The response should contain all of the records, copied exactly, and none of the images.

[Image-backed grounding data]
------------------------------------------------------------

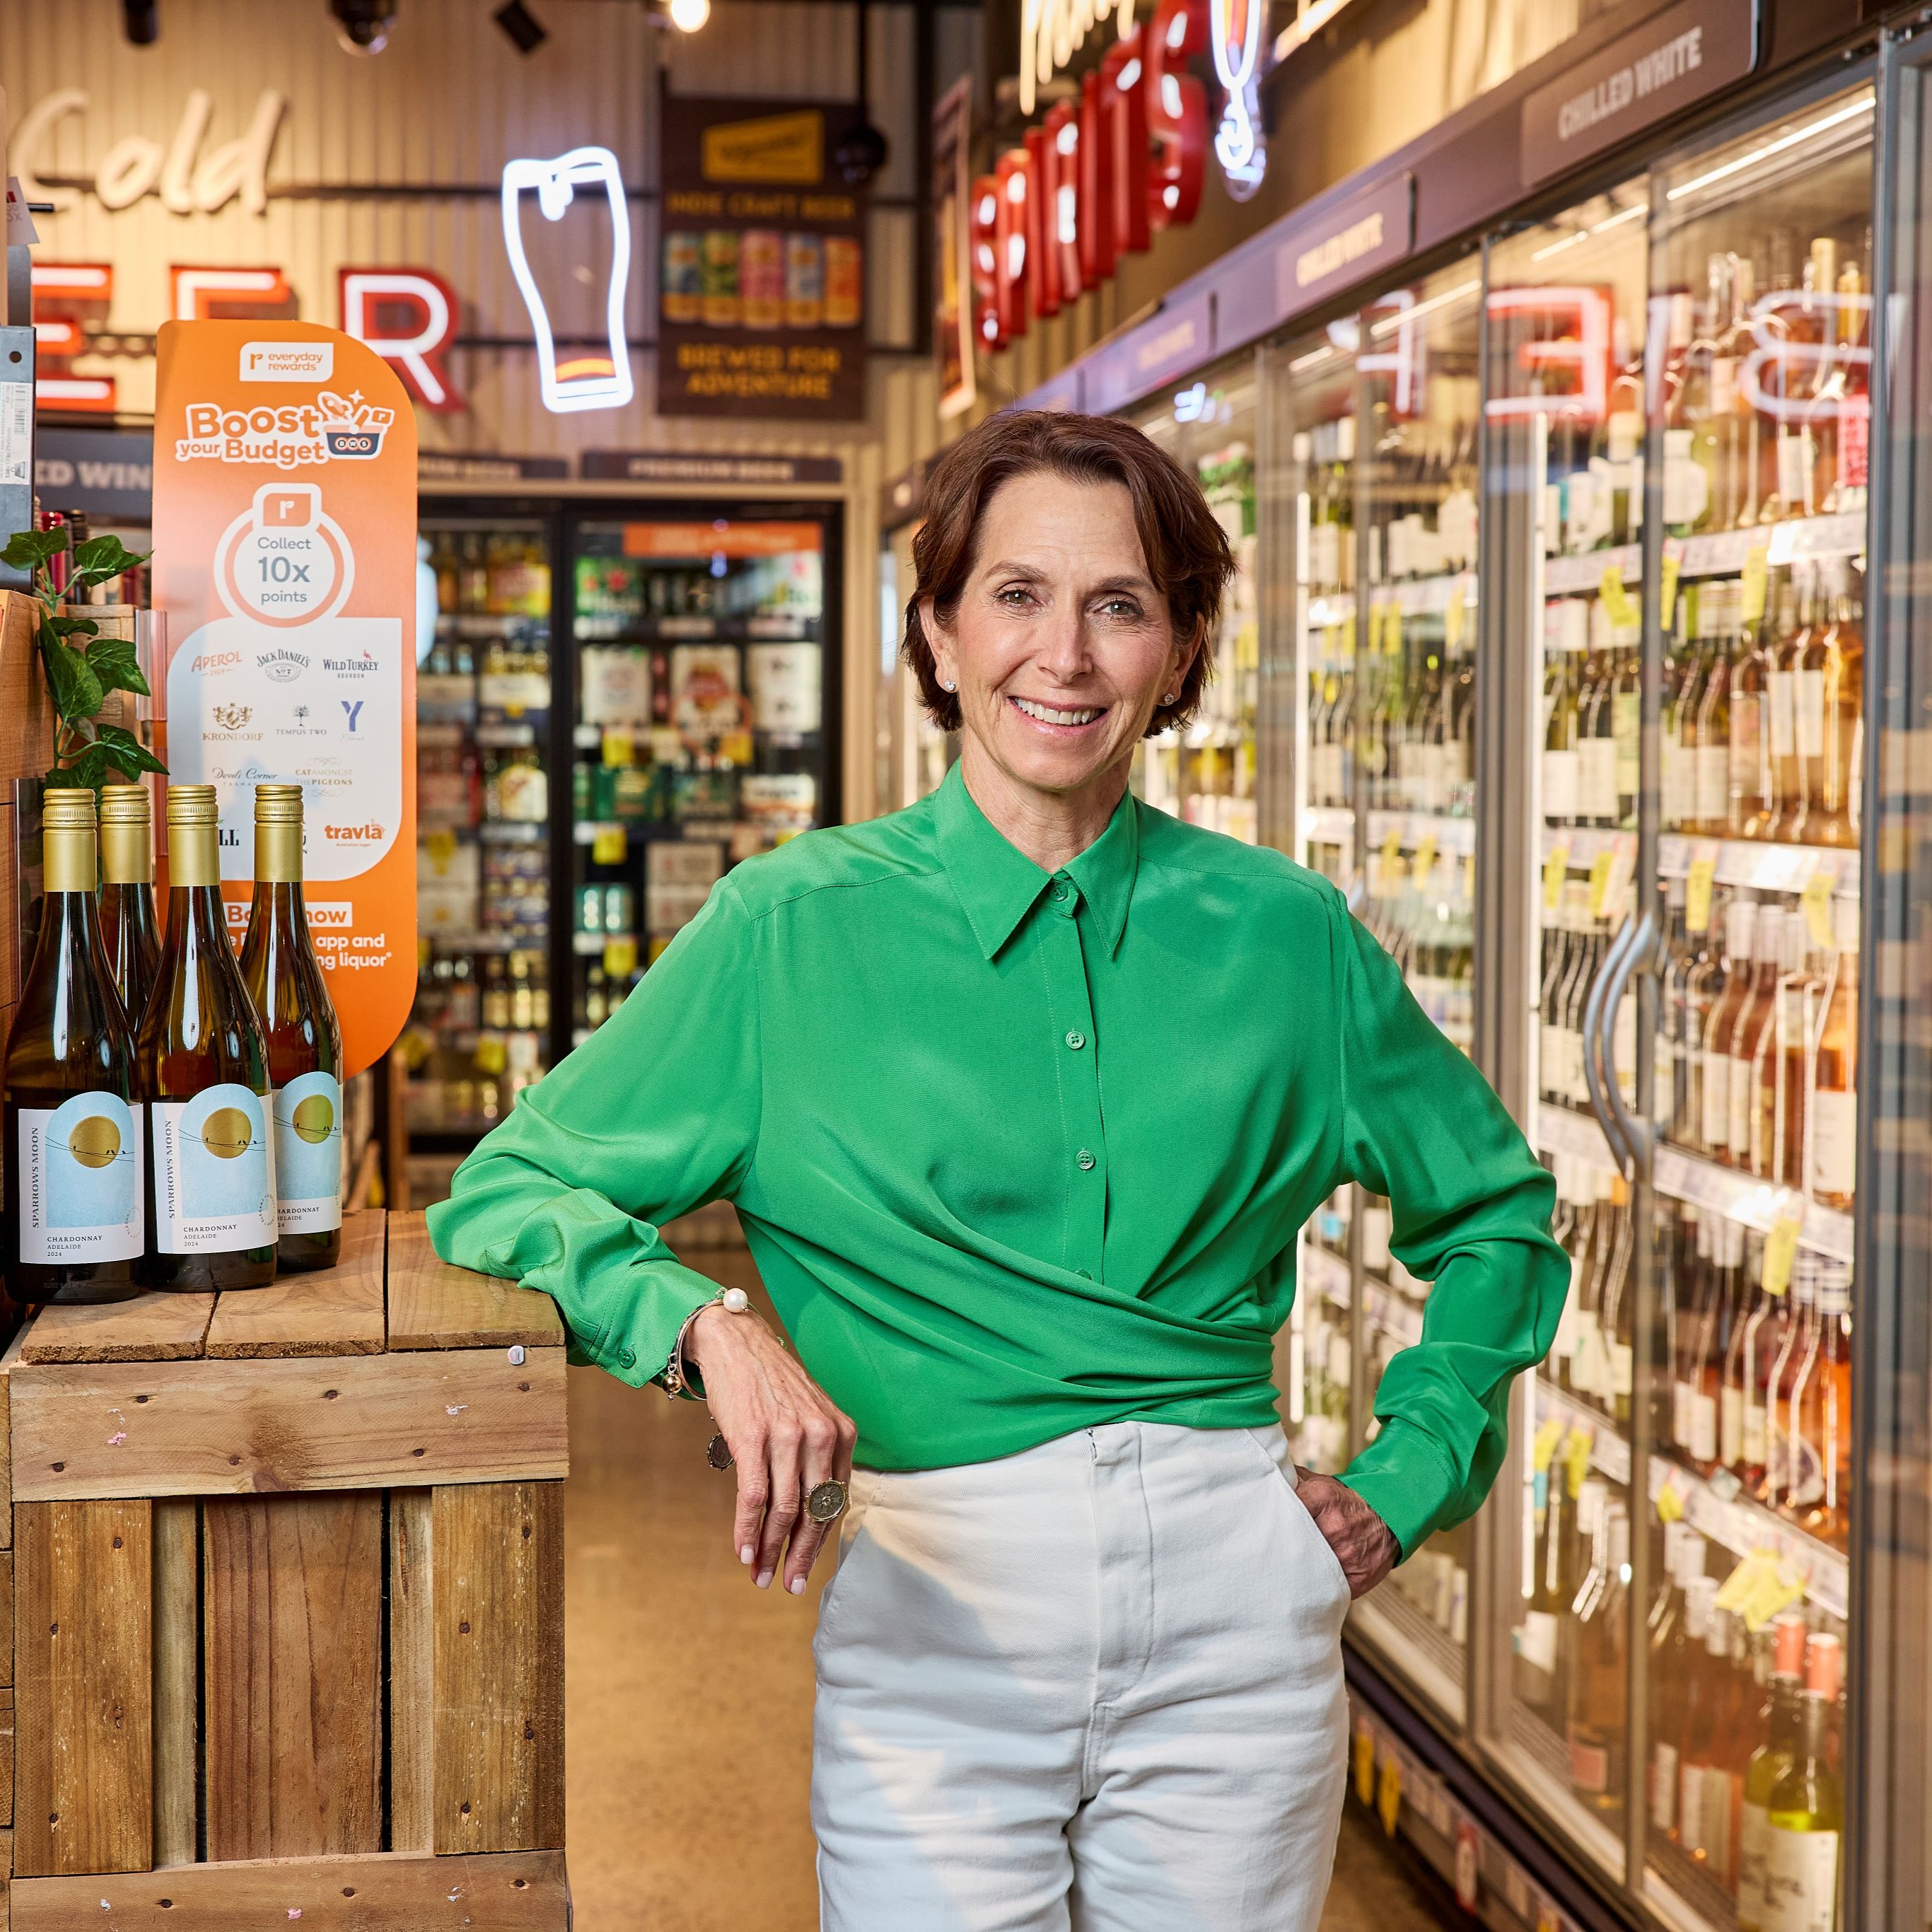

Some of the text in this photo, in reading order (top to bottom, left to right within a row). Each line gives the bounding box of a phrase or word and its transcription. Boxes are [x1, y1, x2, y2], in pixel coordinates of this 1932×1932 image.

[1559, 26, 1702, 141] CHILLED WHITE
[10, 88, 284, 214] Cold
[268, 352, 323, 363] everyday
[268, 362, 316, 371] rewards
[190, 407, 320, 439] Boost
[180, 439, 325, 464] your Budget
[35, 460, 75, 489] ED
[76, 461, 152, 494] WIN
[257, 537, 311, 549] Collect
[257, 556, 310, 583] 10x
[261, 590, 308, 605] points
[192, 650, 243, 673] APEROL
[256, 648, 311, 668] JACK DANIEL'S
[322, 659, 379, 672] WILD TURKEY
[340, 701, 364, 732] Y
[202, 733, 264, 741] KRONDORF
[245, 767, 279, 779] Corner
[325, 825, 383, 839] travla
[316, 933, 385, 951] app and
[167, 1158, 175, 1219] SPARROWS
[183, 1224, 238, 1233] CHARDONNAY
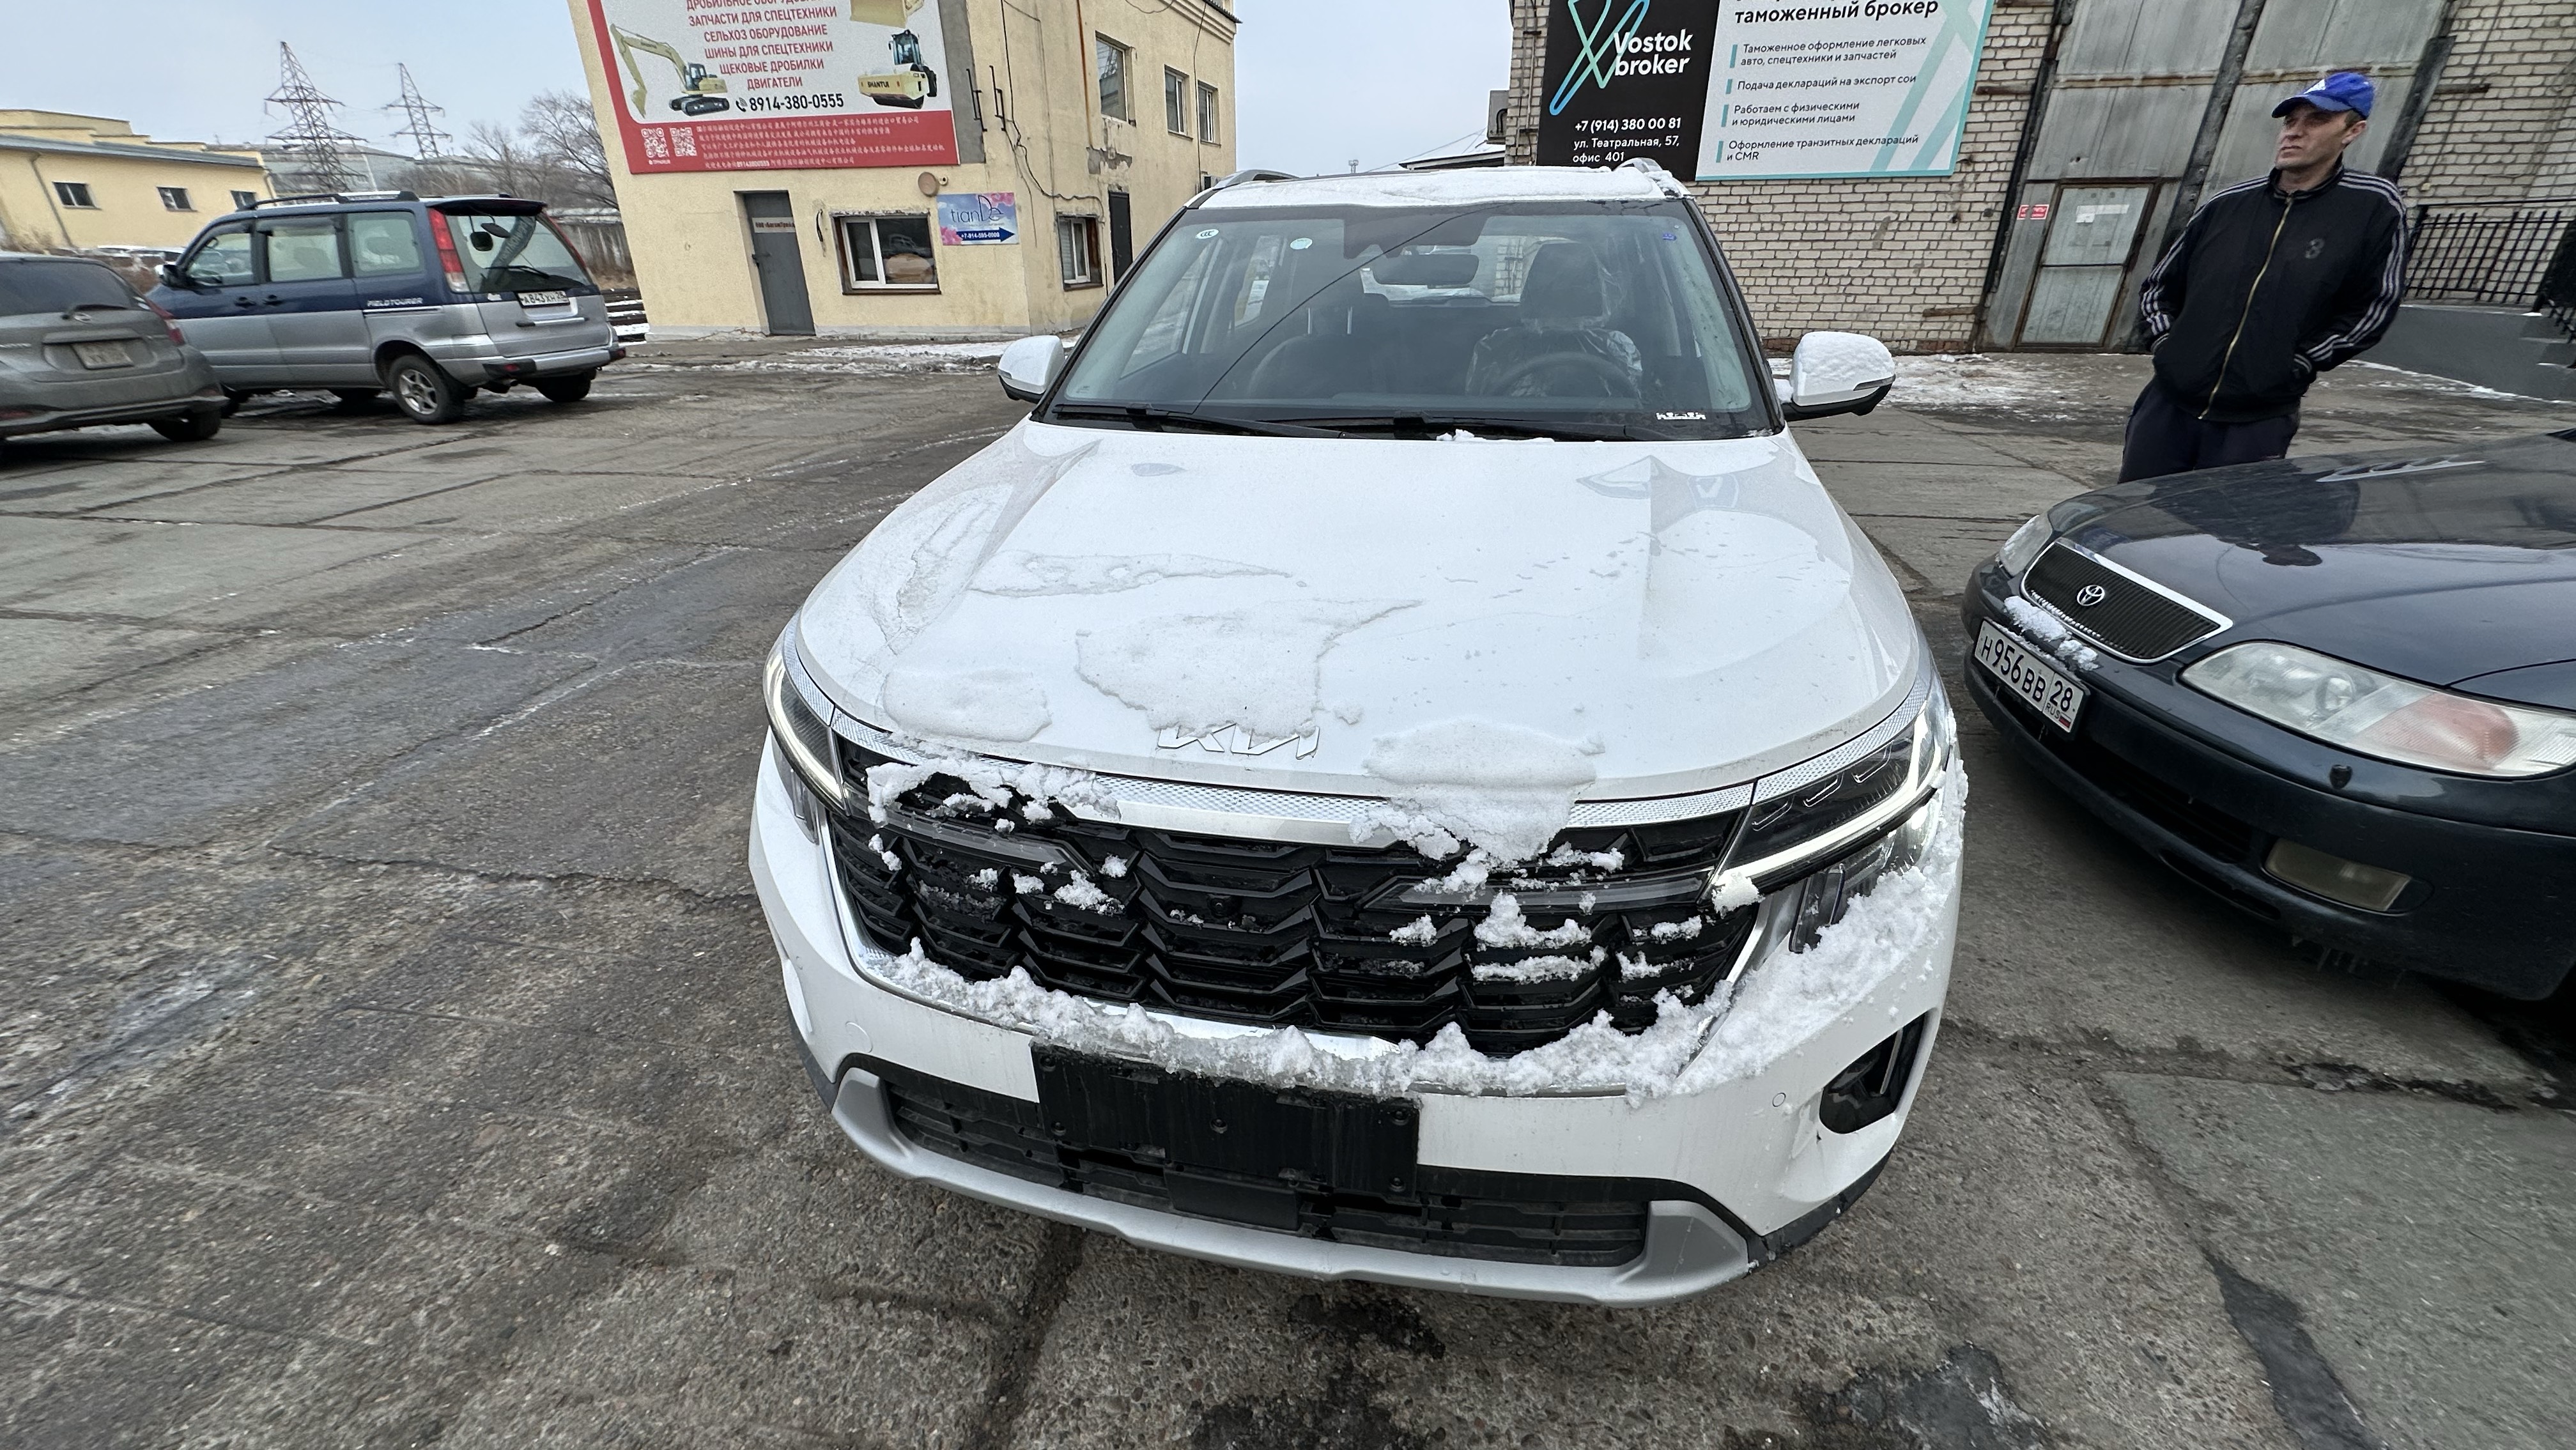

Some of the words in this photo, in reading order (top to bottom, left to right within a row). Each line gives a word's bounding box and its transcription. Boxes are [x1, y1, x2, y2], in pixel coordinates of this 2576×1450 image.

------------------------------------------------------------

## Problem solution
Some of the text in this photo, in reading order (top to bottom, left to right within a row). Each line gives the bounding box of a phrase or word and its transcription. Boxes are [x1, y1, x2, y2], in pixel coordinates of this 1932×1932 image.

[1559, 26, 1702, 141] CHILLED WHITE
[10, 88, 284, 214] Cold
[268, 352, 323, 363] everyday
[268, 362, 316, 371] rewards
[190, 407, 320, 439] Boost
[180, 439, 325, 464] your Budget
[35, 460, 75, 489] ED
[76, 461, 152, 494] WIN
[257, 537, 311, 549] Collect
[257, 556, 310, 583] 10x
[261, 590, 308, 605] points
[192, 650, 243, 673] APEROL
[256, 648, 311, 668] JACK DANIEL'S
[322, 659, 379, 672] WILD TURKEY
[340, 701, 364, 732] Y
[202, 733, 264, 741] KRONDORF
[245, 767, 279, 779] Corner
[325, 825, 383, 839] travla
[316, 933, 385, 951] app and
[167, 1158, 175, 1219] SPARROWS
[183, 1224, 238, 1233] CHARDONNAY

Some of the words in this photo, in reading order (top to bottom, left to right within a row). Each line gives a word's bounding box and its transcription. Boxes are [x1, y1, x2, y2], in pixel coordinates of this 2576×1450 image.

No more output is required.